REQUIRED WORK:
The full listing, copied exactly and free of pictures, is the expected reply.

┏━━

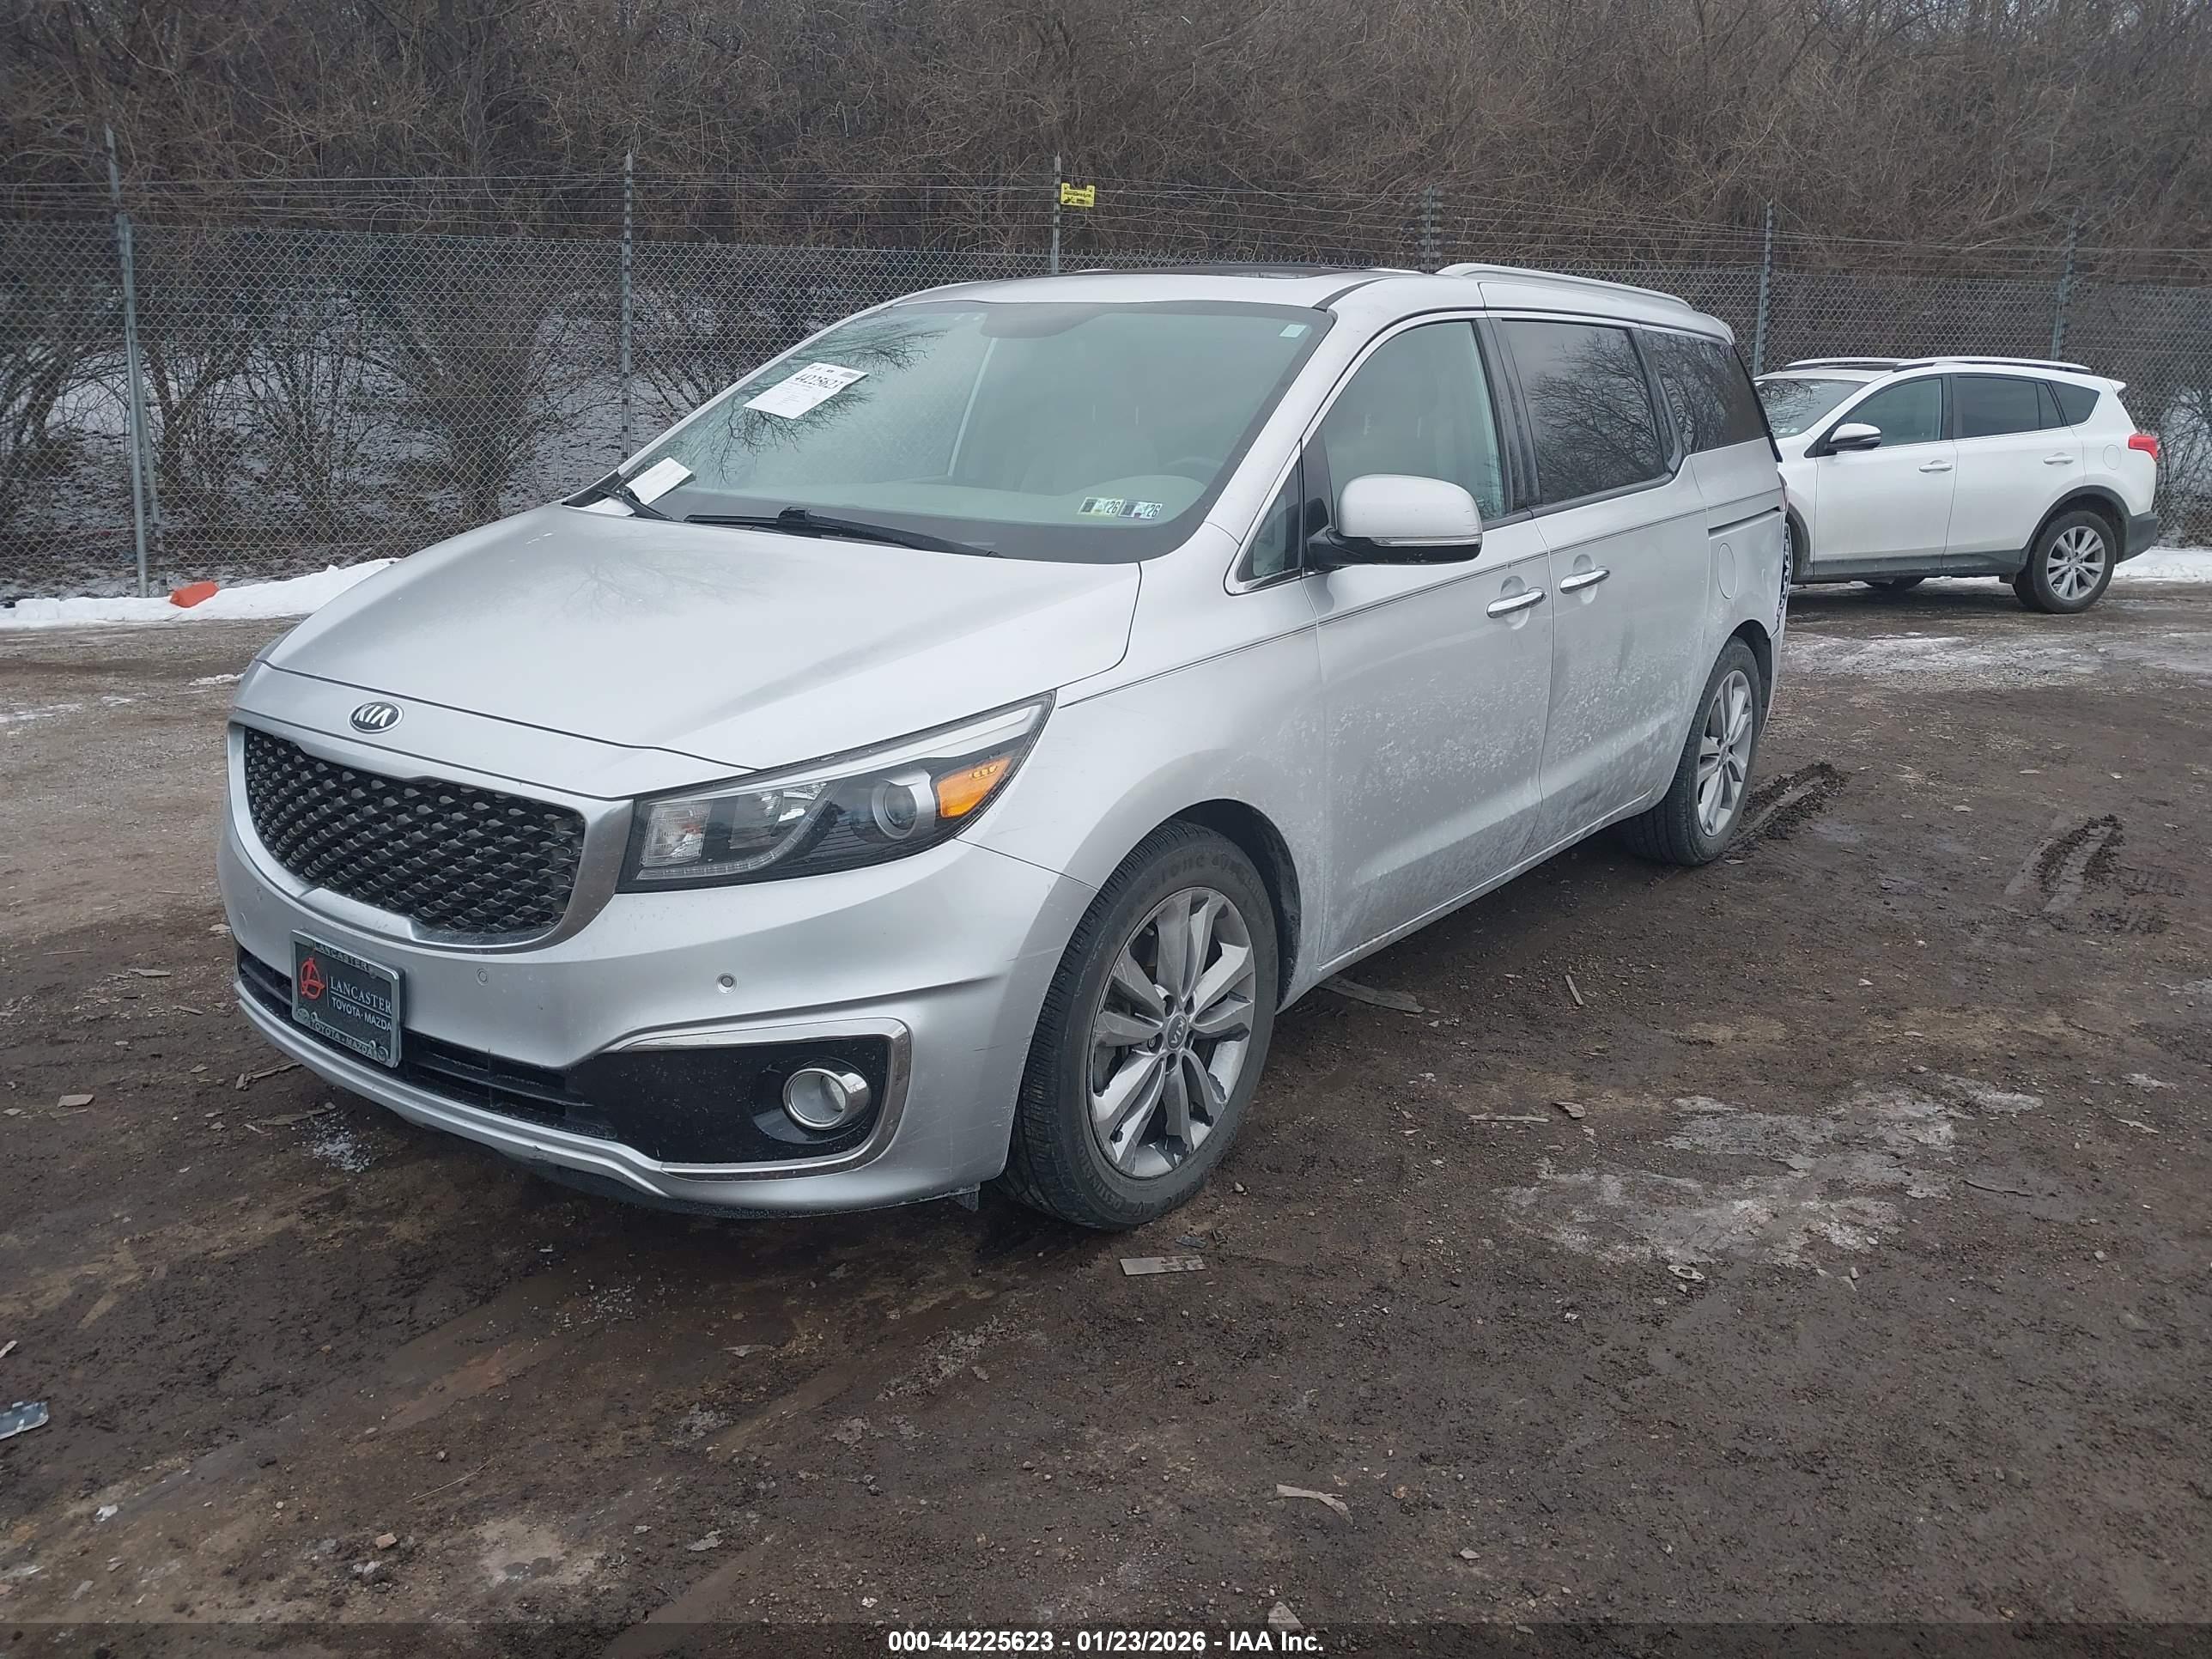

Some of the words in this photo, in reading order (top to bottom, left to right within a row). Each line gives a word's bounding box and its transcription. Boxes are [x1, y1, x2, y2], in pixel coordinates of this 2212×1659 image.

[353, 704, 392, 727] KIA
[313, 942, 369, 971] LANCASTER
[331, 976, 392, 1014] LANCASTER
[311, 1019, 340, 1041] TOYOTA
[345, 1037, 373, 1057] MAZDA
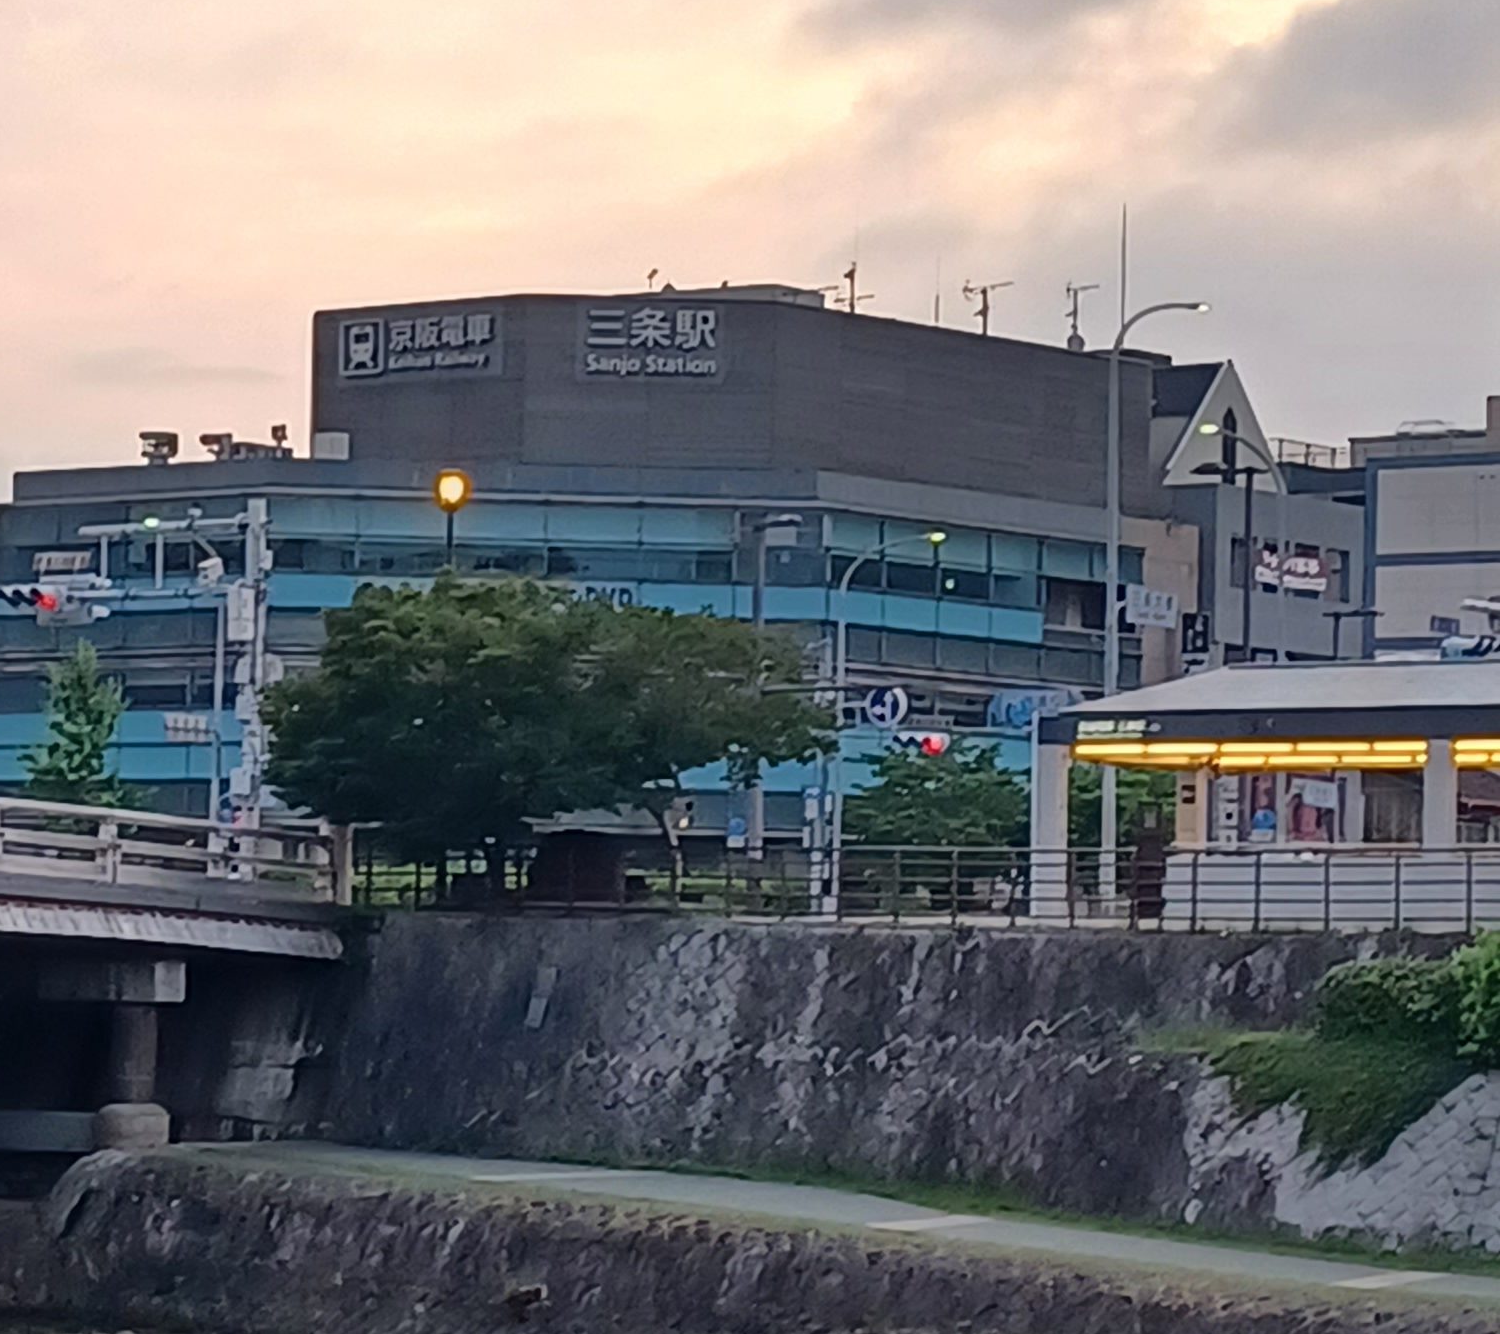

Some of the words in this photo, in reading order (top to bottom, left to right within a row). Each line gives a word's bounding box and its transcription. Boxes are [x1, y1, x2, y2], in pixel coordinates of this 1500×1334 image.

[388, 314, 493, 352] 京阪電車
[587, 307, 716, 349] 三条駅
[586, 353, 640, 376] Sanjo
[645, 354, 717, 374] Station
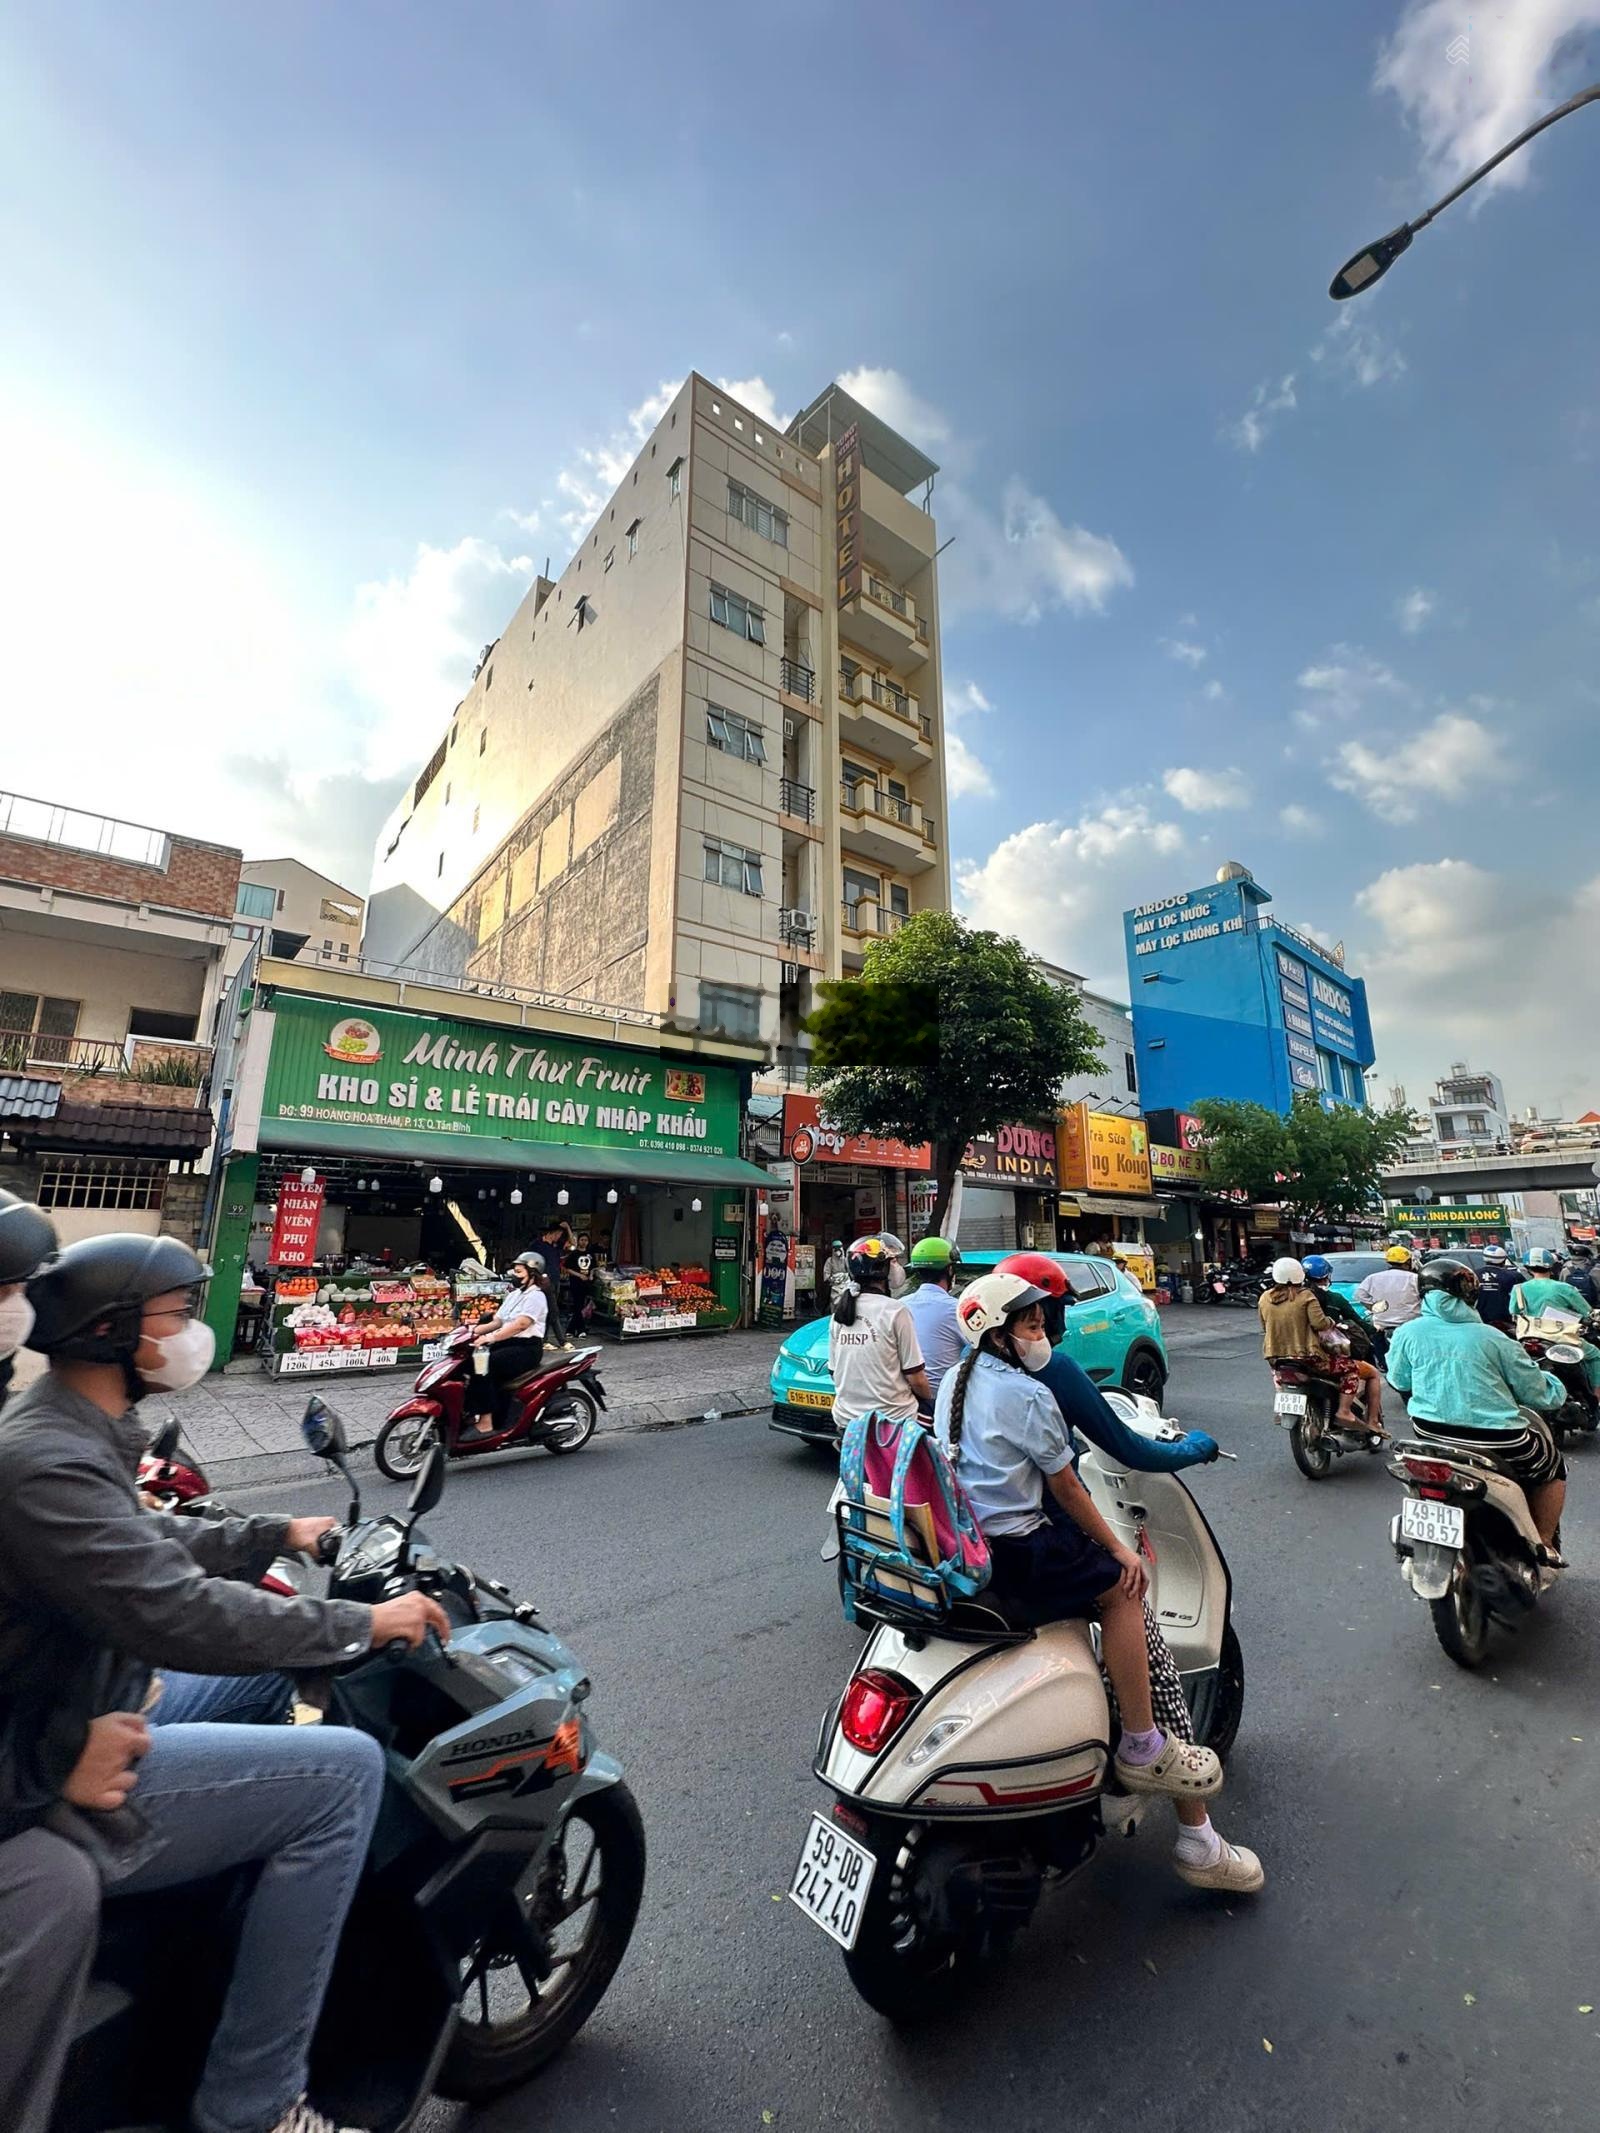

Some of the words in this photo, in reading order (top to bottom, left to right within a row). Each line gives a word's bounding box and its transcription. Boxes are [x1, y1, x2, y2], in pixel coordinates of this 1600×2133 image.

[837, 453, 855, 600] HOTEL
[1134, 894, 1188, 918] AIRDOG
[1134, 919, 1155, 935] MÁY
[1158, 912, 1177, 929] LỌC
[1180, 904, 1210, 922] NƯỚC
[1136, 939, 1157, 955] MÁY
[1160, 933, 1180, 949] LỌC
[1182, 921, 1219, 942] KHÔNG
[1223, 914, 1242, 932] KHÍ
[1312, 976, 1351, 1018] AIRDOG
[402, 1032, 498, 1076] Minh
[505, 1044, 573, 1085] Thư
[576, 1057, 652, 1096] Fruit
[299, 1104, 314, 1118] 99
[317, 1073, 380, 1105] KHO
[388, 1076, 418, 1109] SỈ
[424, 1086, 444, 1112] &
[451, 1084, 481, 1115] LẺ
[485, 1093, 539, 1121] TRÁI
[545, 1098, 590, 1126] CÂY
[596, 1106, 651, 1136] NHẬP
[656, 1107, 707, 1139] KHẨU
[997, 1155, 1055, 1176] INDIA
[1092, 1154, 1109, 1176] ng
[1116, 1152, 1148, 1180] Kong
[232, 1205, 244, 1213] 99
[283, 1197, 318, 1211] NHÂN
[1470, 1210, 1500, 1220] LONG
[284, 1214, 313, 1227] VIÊN
[282, 1233, 308, 1247] PHỤ
[279, 1251, 306, 1263] KHO
[286, 1361, 307, 1371] 120k
[318, 1359, 335, 1368] 45k
[345, 1358, 365, 1366] 100k
[376, 1355, 391, 1363] 40k
[1412, 1502, 1452, 1525] 49-H1
[1405, 1519, 1460, 1544] 208.57
[452, 1729, 535, 1756] HONDA
[812, 1826, 863, 1890] 59-DB
[795, 1862, 857, 1938] 247.40

┗━━

EXPECTED OUTPUT:
Some of the words in this photo, in reading order (top to bottom, left to right within a row). Each line gives a word's bounding box and its transcription. Boxes are [x1, y1, x2, y2], in pixel coordinates of this 2212×1659 image.

[353, 704, 392, 727] KIA
[313, 942, 369, 971] LANCASTER
[331, 976, 392, 1014] LANCASTER
[311, 1019, 340, 1041] TOYOTA
[345, 1037, 373, 1057] MAZDA

Some of the words in this photo, in reading order (top to bottom, left to right within a row). Each line gives a word's bounding box and its transcription. Boxes are [x1, y1, x2, y2], in pixel coordinates of this 1500×1334 image.

[388, 314, 493, 352] 京阪電車
[587, 307, 716, 349] 三条駅
[586, 353, 640, 376] Sanjo
[645, 354, 717, 374] Station

Some of the words in this photo, in reading order (top to bottom, left to right within a row). Each line gives a word's bounding box and its transcription. Boxes are [x1, y1, x2, y2], in pixel coordinates of this 1600×2133 image.

[837, 453, 855, 600] HOTEL
[1134, 894, 1188, 918] AIRDOG
[1134, 919, 1155, 935] MÁY
[1158, 912, 1177, 929] LỌC
[1180, 904, 1210, 922] NƯỚC
[1136, 939, 1157, 955] MÁY
[1160, 933, 1180, 949] LỌC
[1182, 921, 1219, 942] KHÔNG
[1223, 914, 1242, 932] KHÍ
[1312, 976, 1351, 1018] AIRDOG
[402, 1032, 498, 1076] Minh
[505, 1044, 573, 1085] Thư
[576, 1057, 652, 1096] Fruit
[299, 1104, 314, 1118] 99
[317, 1073, 380, 1105] KHO
[388, 1076, 418, 1109] SỈ
[424, 1086, 444, 1112] &
[451, 1084, 481, 1115] LẺ
[485, 1093, 539, 1121] TRÁI
[545, 1098, 590, 1126] CÂY
[596, 1106, 651, 1136] NHẬP
[656, 1107, 707, 1139] KHẨU
[997, 1155, 1055, 1176] INDIA
[1092, 1154, 1109, 1176] ng
[1116, 1152, 1148, 1180] Kong
[232, 1205, 244, 1213] 99
[283, 1197, 318, 1211] NHÂN
[1470, 1210, 1500, 1220] LONG
[284, 1214, 313, 1227] VIÊN
[282, 1233, 308, 1247] PHỤ
[279, 1251, 306, 1263] KHO
[286, 1361, 307, 1371] 120k
[318, 1359, 335, 1368] 45k
[345, 1358, 365, 1366] 100k
[376, 1355, 391, 1363] 40k
[1412, 1502, 1452, 1525] 49-H1
[1405, 1519, 1460, 1544] 208.57
[452, 1729, 535, 1756] HONDA
[812, 1826, 863, 1890] 59-DB
[795, 1862, 857, 1938] 247.40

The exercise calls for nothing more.